Activity Tracked: Login attempts/actions, post and page update and publish actions, comment/pingback submission and management actions, plugin and theme management actions, widget updates, user management actions, and the modification of other various site settings and options. Retention duration of activity data depends on the site’s plan and activity type. See the complete list of currently-recorded activities (along with retention information).

Data Synced (?): Successful and failed login attempts, which will include the actor’s IP address and user agent.


Image views are only recorded if the site owner, has explicitly enabled image view stats tracking for this feature via the jetpack_enable_carousel_stats filter.

Data Used: If image view tracking is enabled, the following information is used: IP address, WordPress.com user ID (if logged in), WordPress.com username (if logged in), user agent, visiting URL, referring URL, timestamp of event, browser language, country code.

Activity Tracked: Image views.


Contact Form

Data Used: If Akismet is enabled on the site, the contact form submission data — IP address, user agent, name, email address, website, and message — is submitted to the Akismet service (also owned by Automattic) for the sole purpose of spam checking. The actual submission data is stored in the database of the site on which it was submitted and is emailed directly to the owner of the form (i.e. the site author who published the page on which the contact form resides). This email will include the submitter’s IP address, timestamp, name, email address, website, and message.

Data Synced (?): Post and post meta data associated with a user’s contact form submission. If Akismet is enabled on the site, the IP address and user agent originally submitted with the comment are synced, as well, as they are stored in post meta.


Gravatar Hovercards

Data Used: This feature will send a hash of the user’s email address (if logged in to the site or WordPress.com — or if they submitted a comment on the site using their email address that is attached to an active Gravatar profile) to the Gravatar service (also owned by Automattic) in order to retrieve their profile image.


Jetpack Comments

Data Used: Commenter’s name, email address, and site URL (if provided via the comment form), timestamp, and IP address. Additionally, a jetpack.wordpress.com IFrame receives the following data: WordPress.com blog ID attached to the site, ID of the post on which the comment is being submitted, commenter’s local user ID (if available), commenter’s local username (if available), commenter’s site URL (if available), MD5 hash of the commenter’s email address (if available), and the comment content. If Akismet (also owned by Automattic) is enabled on the site, the following information is sent to the service for the sole purpose of spam checking: commenter’s name, email address, site URL, IP address, and user agent.

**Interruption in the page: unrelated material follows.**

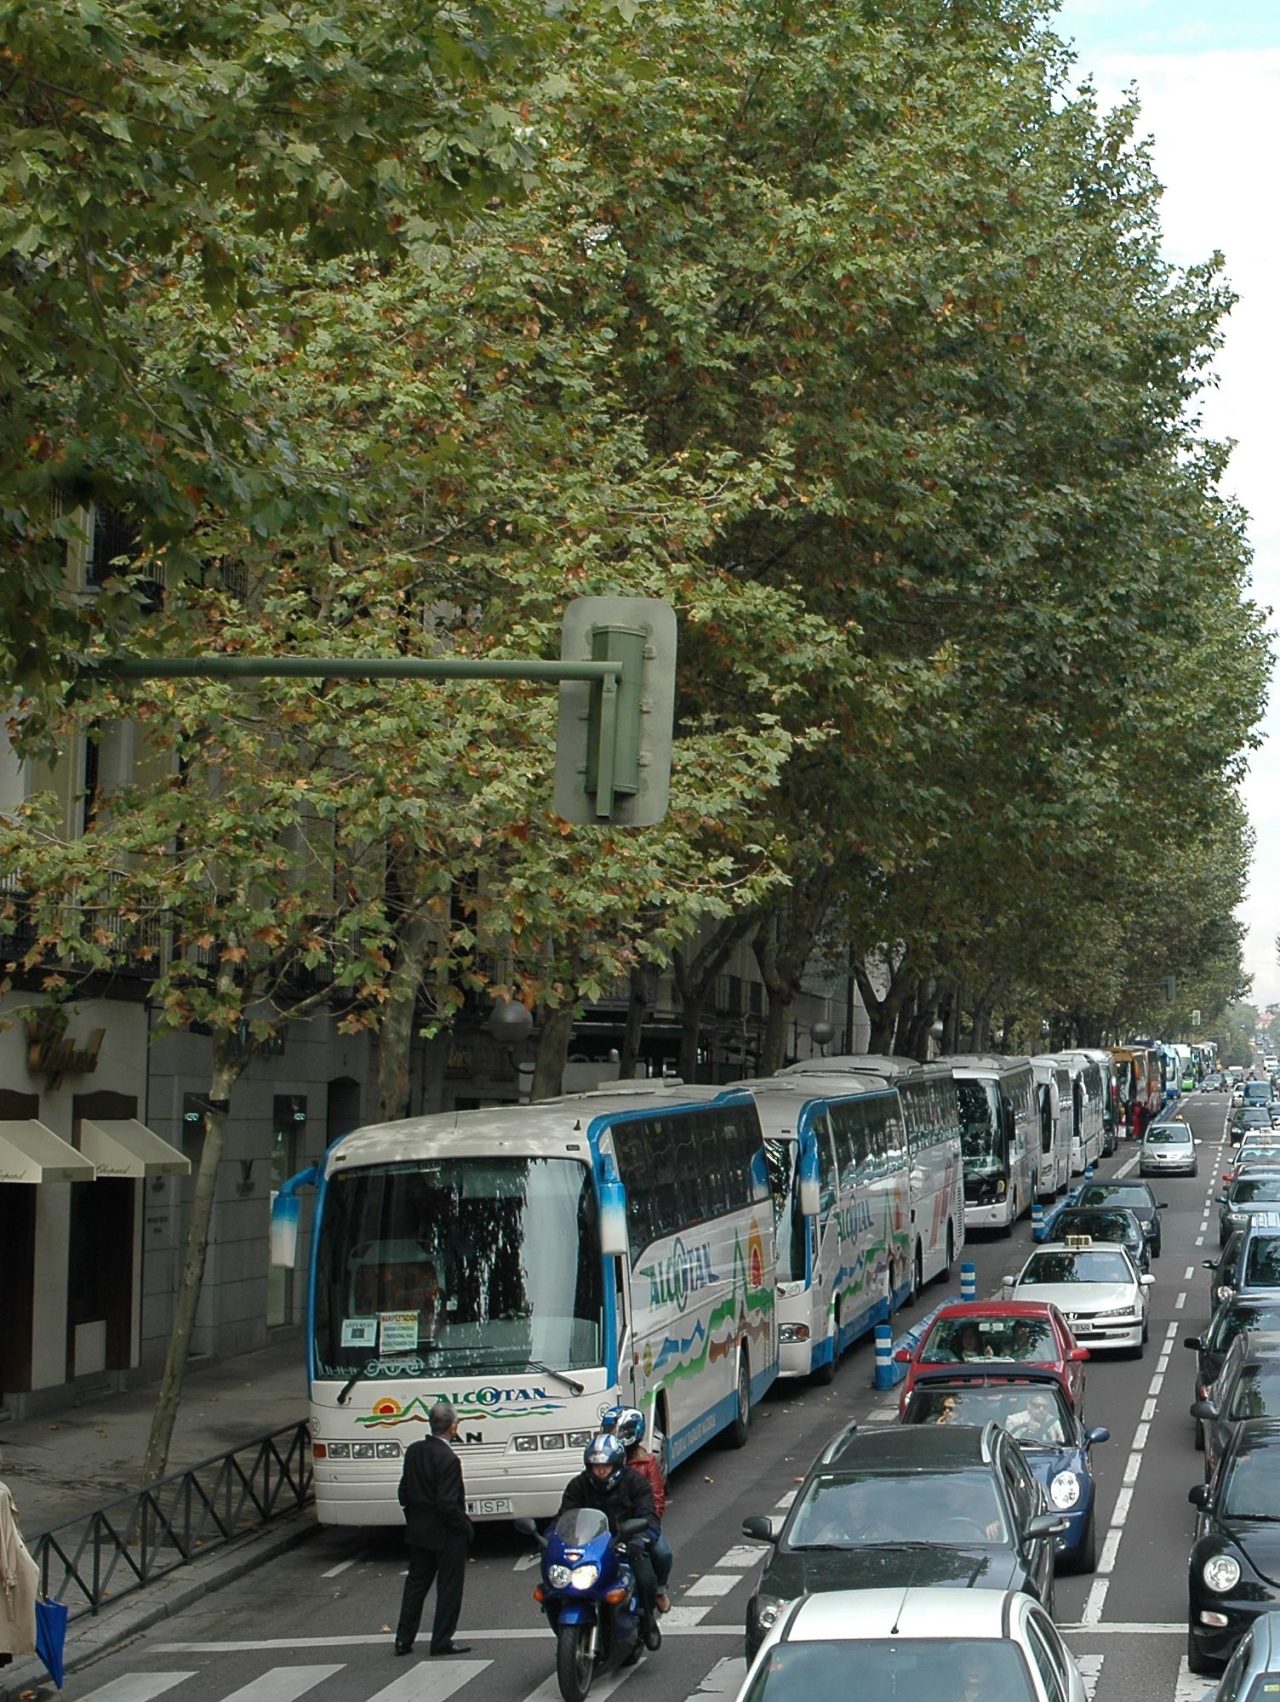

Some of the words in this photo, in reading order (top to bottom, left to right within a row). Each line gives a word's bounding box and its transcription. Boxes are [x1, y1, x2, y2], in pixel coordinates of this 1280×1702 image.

[640, 1237, 720, 1313] ALCOTAN
[423, 1386, 557, 1406] ALCOTAN
[483, 1500, 506, 1513] SP

Activity Tracked: The comment author’s name, email address, and site URL (if provided during the comment submission) are stored in cookies. Learn more about these cookies.

Data Synced (?): All data and metadata (see above) associated with comments. This includes the status of the comment and, if Akismet is enabled on the site, whether or not it was classified as spam by Akismet.


Mobile Theme

Data Used: A visitor’s preference on viewing the mobile version of a site.

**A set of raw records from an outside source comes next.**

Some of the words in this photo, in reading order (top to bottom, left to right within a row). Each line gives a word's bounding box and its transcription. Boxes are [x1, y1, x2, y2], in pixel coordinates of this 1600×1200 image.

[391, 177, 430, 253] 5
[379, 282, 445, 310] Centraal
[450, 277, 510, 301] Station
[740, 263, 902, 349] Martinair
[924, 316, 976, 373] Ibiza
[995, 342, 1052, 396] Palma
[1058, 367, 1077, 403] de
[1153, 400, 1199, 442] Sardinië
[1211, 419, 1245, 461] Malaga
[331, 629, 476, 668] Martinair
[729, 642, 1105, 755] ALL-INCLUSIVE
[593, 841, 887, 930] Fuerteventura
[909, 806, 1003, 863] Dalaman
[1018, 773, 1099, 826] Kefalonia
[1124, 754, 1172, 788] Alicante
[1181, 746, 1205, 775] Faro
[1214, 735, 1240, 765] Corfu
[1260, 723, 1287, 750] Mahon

Activity Tracked: A cookie (akm_mobile) is stored for 3.5 days to remember whether or not a visitor of the site wishes to view its mobile version. Learn more about this cookie.


Protect

Data Used: In order to check login activity and potentially block fraudulent attempts, the following information is used: attempting user’s IP address, attempting user’s email address/username (i.e. according to the value they were attempting to use during the login process), and all IP-related HTTP headers attached to the attempting user.

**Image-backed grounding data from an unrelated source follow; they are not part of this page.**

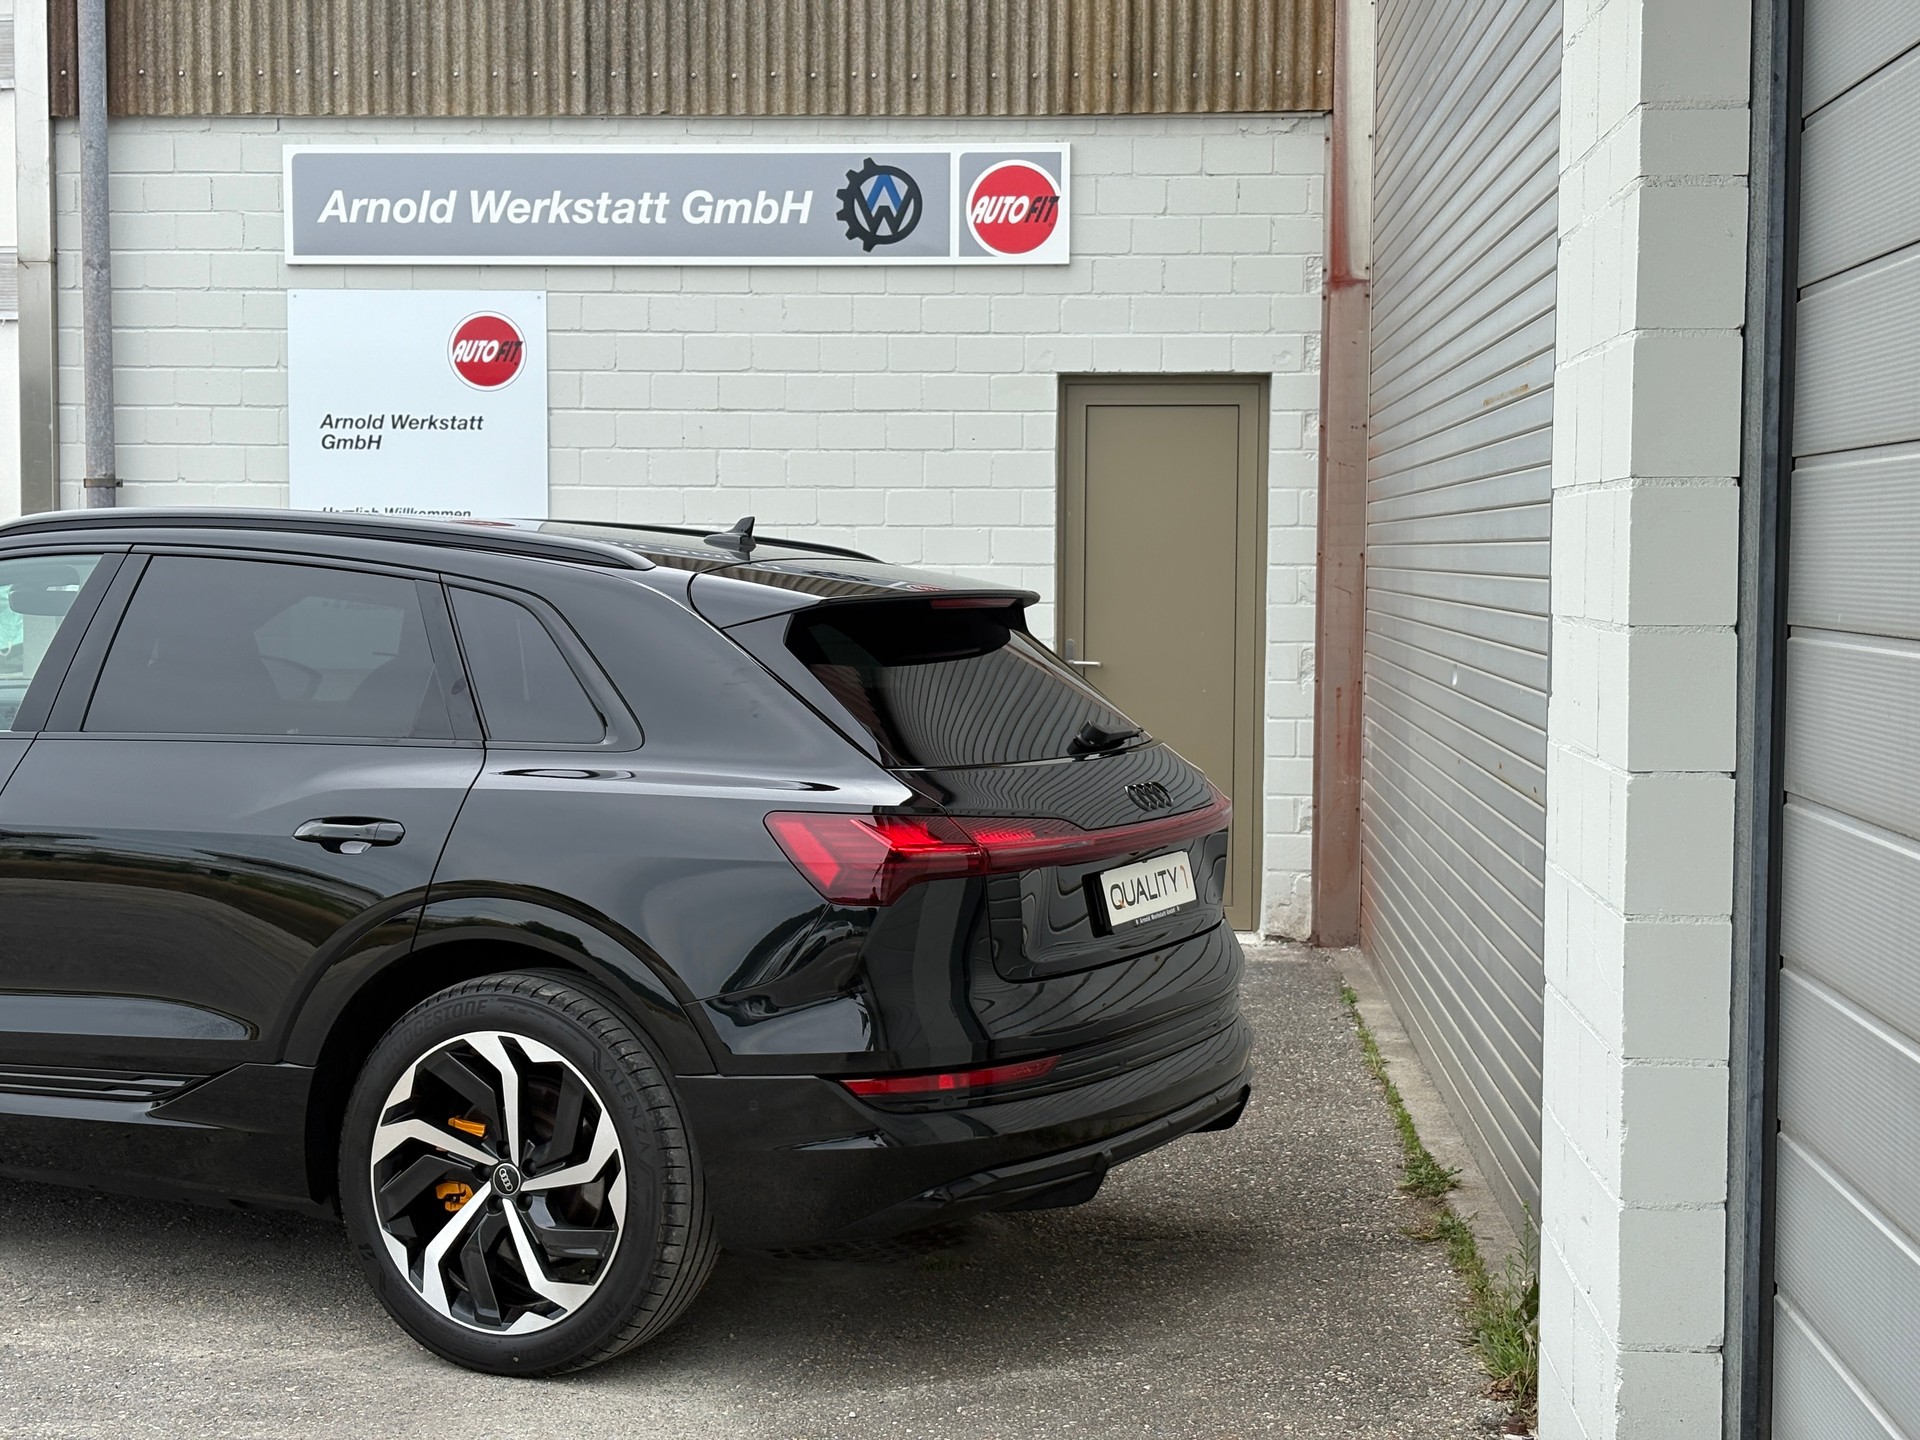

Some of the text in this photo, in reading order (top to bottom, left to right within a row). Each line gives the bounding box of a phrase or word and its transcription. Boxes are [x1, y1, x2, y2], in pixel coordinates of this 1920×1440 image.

[317, 190, 813, 224] Arnold Werkstatt GmbH
[971, 195, 1060, 224] AUTOFIT
[453, 339, 523, 363] AUTOFIT
[320, 413, 484, 431] Arnold Werkstatt
[321, 434, 382, 450] GmbH
[1110, 867, 1177, 910] QUALITY

Activity Tracked: Failed login attempts (these include IP address and user agent). We also set a cookie (jpp_math_pass) for 1 day to remember if/when a user has successfully completed a math captcha to prove that they’re a real human. Learn more about this cookie.

Data Synced (?): Failed login attempts, which contain the user’s IP address, attempted username or email address, and user agent information.